Stramaledettissima sirena.
«Forse la situazione non è così nera come appare.»
«Dici? Perché a me, Kanon, sembra di brancolare nel buio!»
«Brancoliamo in due.»
«In tre», s’intromise Athina. «Io ci sono dentro fino al collo, tanto quanto voi.»
Li fissò a lungo, prima l’uno, poi l’altro. Testardi. Greci. Maschi. Non si doveva abbassare ad uno scontro di forza, con loro. Avrebbe sortito l’effetto contrario. Avrebbe dovuto giocare le proprie carte usando il ragionamento. La logica. Amavano pensare, giusto? Athina represse un sorrisetto e si preparò all’affondo.
«Sono una vostra compagna», ricordò loro. «Quindi, se andate da qualche parte, io vengo con voi.»
«Potresti essere in combutta con Gemini.»
«Potrei», concesse lei. Milo si accigliò. Oh, tu ti accigli, caro. E io cosa dovrei dire? Speravo fossi più sveglio… «Ma se così fosse, non sarebbe meglio tenermi sott’occhio?»
«Giusto. Ma Gemini ci ha fregato proprio in questo modo.»
«Confido sul fatto che mi marcherete stretto. Sarebbe increscioso cadere due volte nello stesso tranello, giusto?»
«Vero.»
Kanon era stanco. Stanco di tutte quelle novità, stanco di fare da balia a due mocciosi che sprecavano il tempo battibeccando come galline per un granello di mais. Non c’era tempo per quelle stronzate. Se quei due avessero voluto azzuffarsi come gatti in calore, facessero pure; non era qualcosa che interessasse a Kanon. Concludere la missione, quello sì che era affare suo. E prima l’avessero risolta, meglio sarebbe stato per tutti. Quindi, bambini, state zitti. Papà deve pensare. «Non ci resta che prendere armi e bagagli e partire per il Santuario.»
«Preparo le mie cose», disse lei alzandosi. «Ci facciamo dare un passaggio da mio nonno non appena rientra.»

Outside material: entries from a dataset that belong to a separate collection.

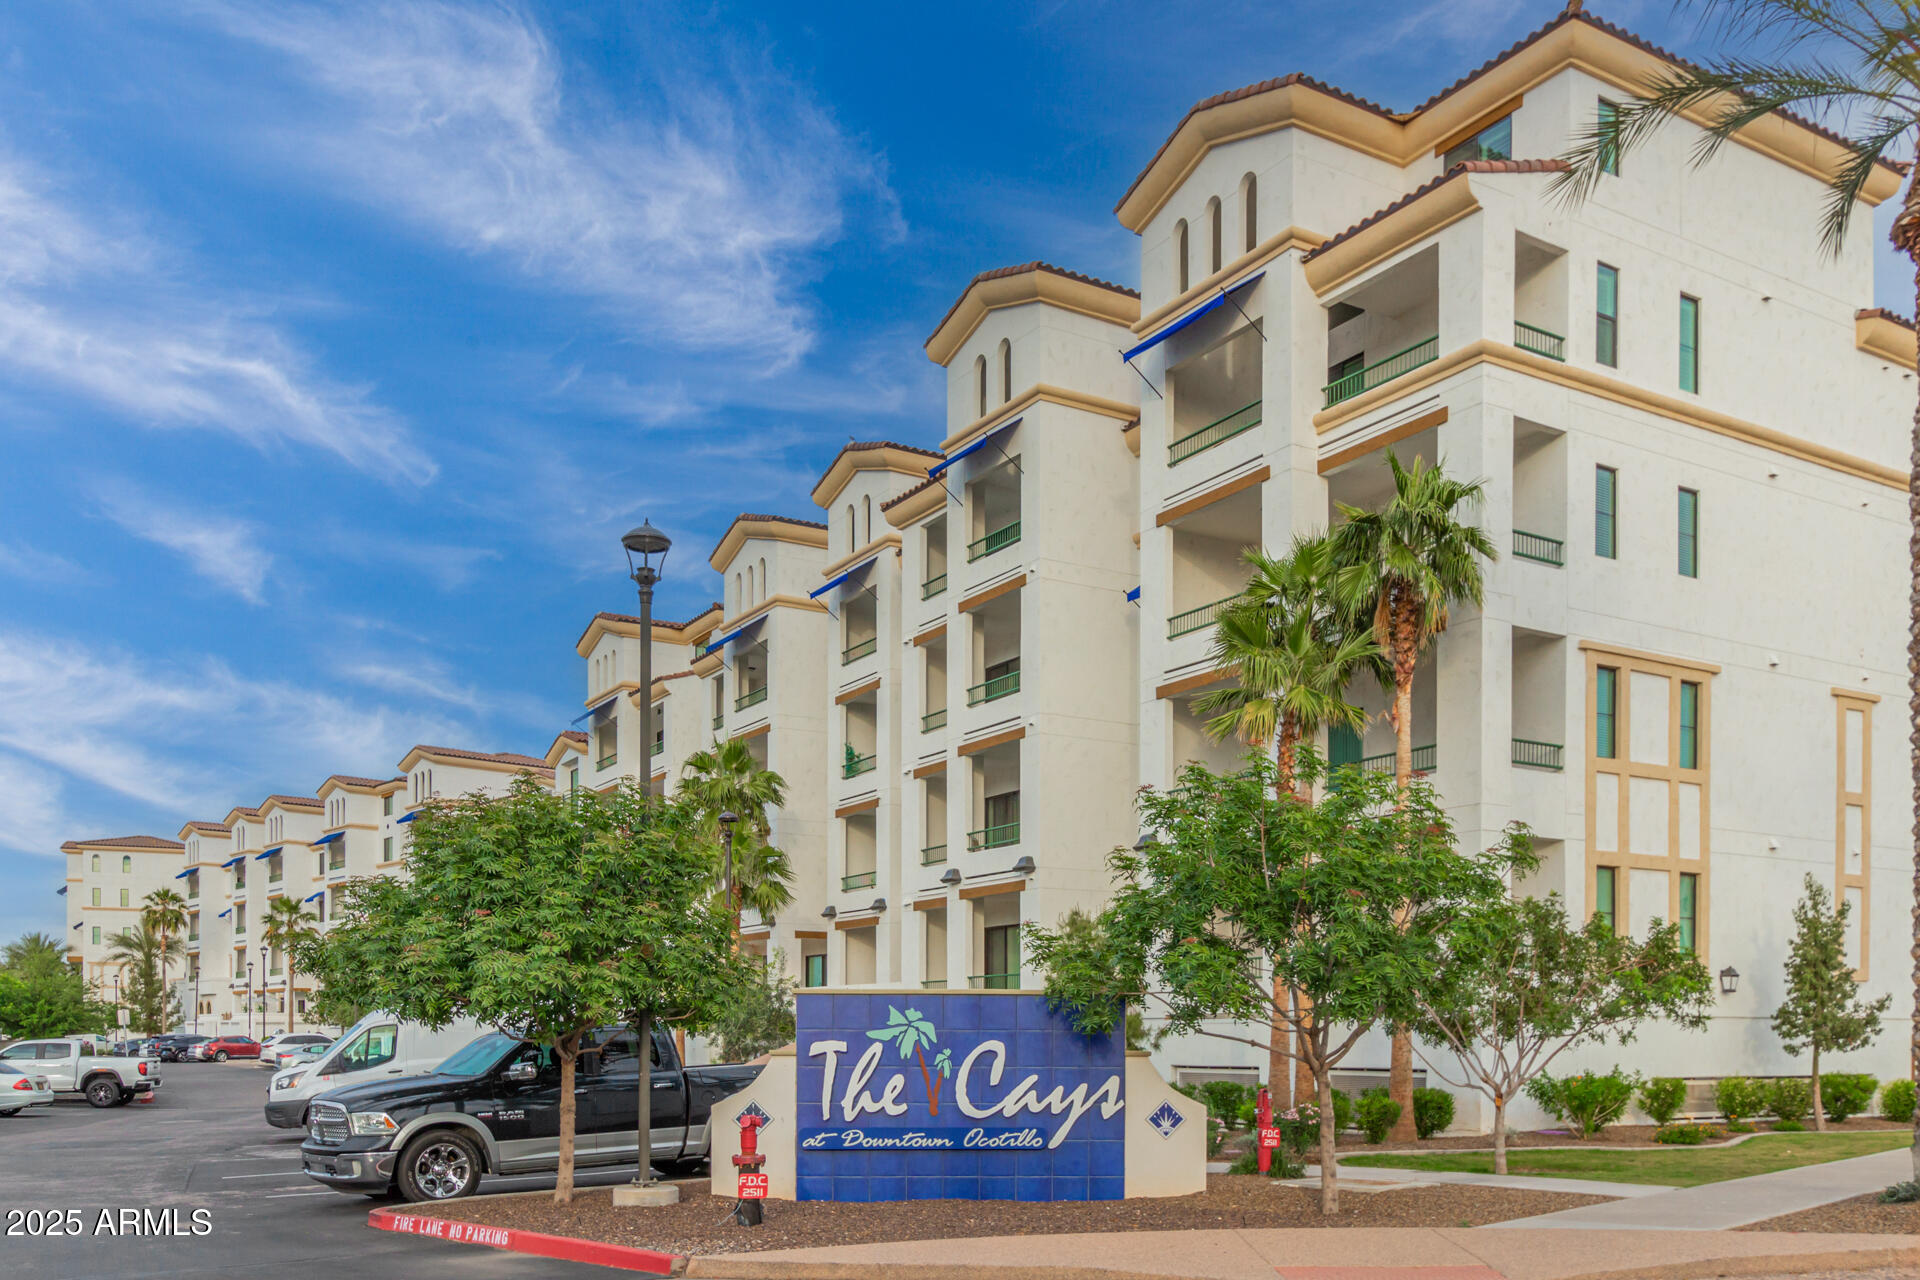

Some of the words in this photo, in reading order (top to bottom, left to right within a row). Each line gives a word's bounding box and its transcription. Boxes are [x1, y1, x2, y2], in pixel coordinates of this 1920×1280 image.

[808, 1039, 908, 1123] The
[955, 1040, 1126, 1150] Cays
[802, 1132, 838, 1148] at
[841, 1128, 954, 1148] Downtown
[963, 1127, 1044, 1148] Ocotillo
[742, 1187, 764, 1197] 2511
[393, 1215, 415, 1232] FIRE
[419, 1219, 444, 1236] LANE
[448, 1223, 463, 1239] NO
[465, 1226, 509, 1245] PARKING

«Tra quanto dovrebbe tornare tuo nonno?», domandò Milo.
Athina lanciò uno sguardo all’orologio che portava al polso. «Non molto. Un’ora. Due al massimo, ma non credo che troverà ressa al mercato», rispose. «A quest’ora, non ci sarà nessuno.»

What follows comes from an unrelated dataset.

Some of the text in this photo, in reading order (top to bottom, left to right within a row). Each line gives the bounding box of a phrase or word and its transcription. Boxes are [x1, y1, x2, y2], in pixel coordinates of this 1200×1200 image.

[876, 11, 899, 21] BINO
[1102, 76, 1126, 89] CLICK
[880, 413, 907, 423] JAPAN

Milo annuì. Si alzò, nell’ennesimo clang della sua armatura, e aprì la bocca per dire qualcosa, ma lei lo interruppe.
«Scusa se te lo faccio notare, ma la tua armatura fa un suono poco piacevole.»
Lo so da me, pensò Milo, che sentì la propria voce dire: «Sì, lo so da me. Grazie.».
«Volevo dire che la tua armatura avrebbe bisogno di una controllatina alle giunture, oltre che di una stretta alle cinghie.»
«Peccato che Mu dell’Ariete non sia qui. Magari gli chiederò di dare un’occhiata alla mia ragazza», ribatté Milo toccandosi il rubino al centro del petto. Sempre ammesso che Mu non sia in eremitaggio chissà dove e per Dio solo sa quale astruso motivo. «Sempre se ne avremo il tempo, s’intende…»
«Ho un po’ di grasso, se vuoi. Potresti usarlo per le tue giunture, intanto. Sempre se…»
«Accetta», s’intromise Kanon, e Milo fu sul punto di rifiutare. Per mera ripicca. Chi diamine si credeva di essere, quello lì? La sua balia? Ma poi qualcosa – la voce del buonsenso, forse – gli sussurrò all’orecchio che sarebbe stata un’ottima idea. Avrebbe potuto fare un minimo di manutenzione, quel tanto che bastava perché la sua armatura fosse operativa, ed ammazzare l’attesa. Magari chiacchierando del più e del meno, così da farsi un’idea, seppure approssimativa, di che razza di persona avessero davanti. E Kanon, nel frattempo, avrebbe ideato una strategia. Qualcosa che avrebbe permesso loro di pararsi le chiappe, alla bisogna. Come avrebbe fatto Saga. Buon sangue non mente.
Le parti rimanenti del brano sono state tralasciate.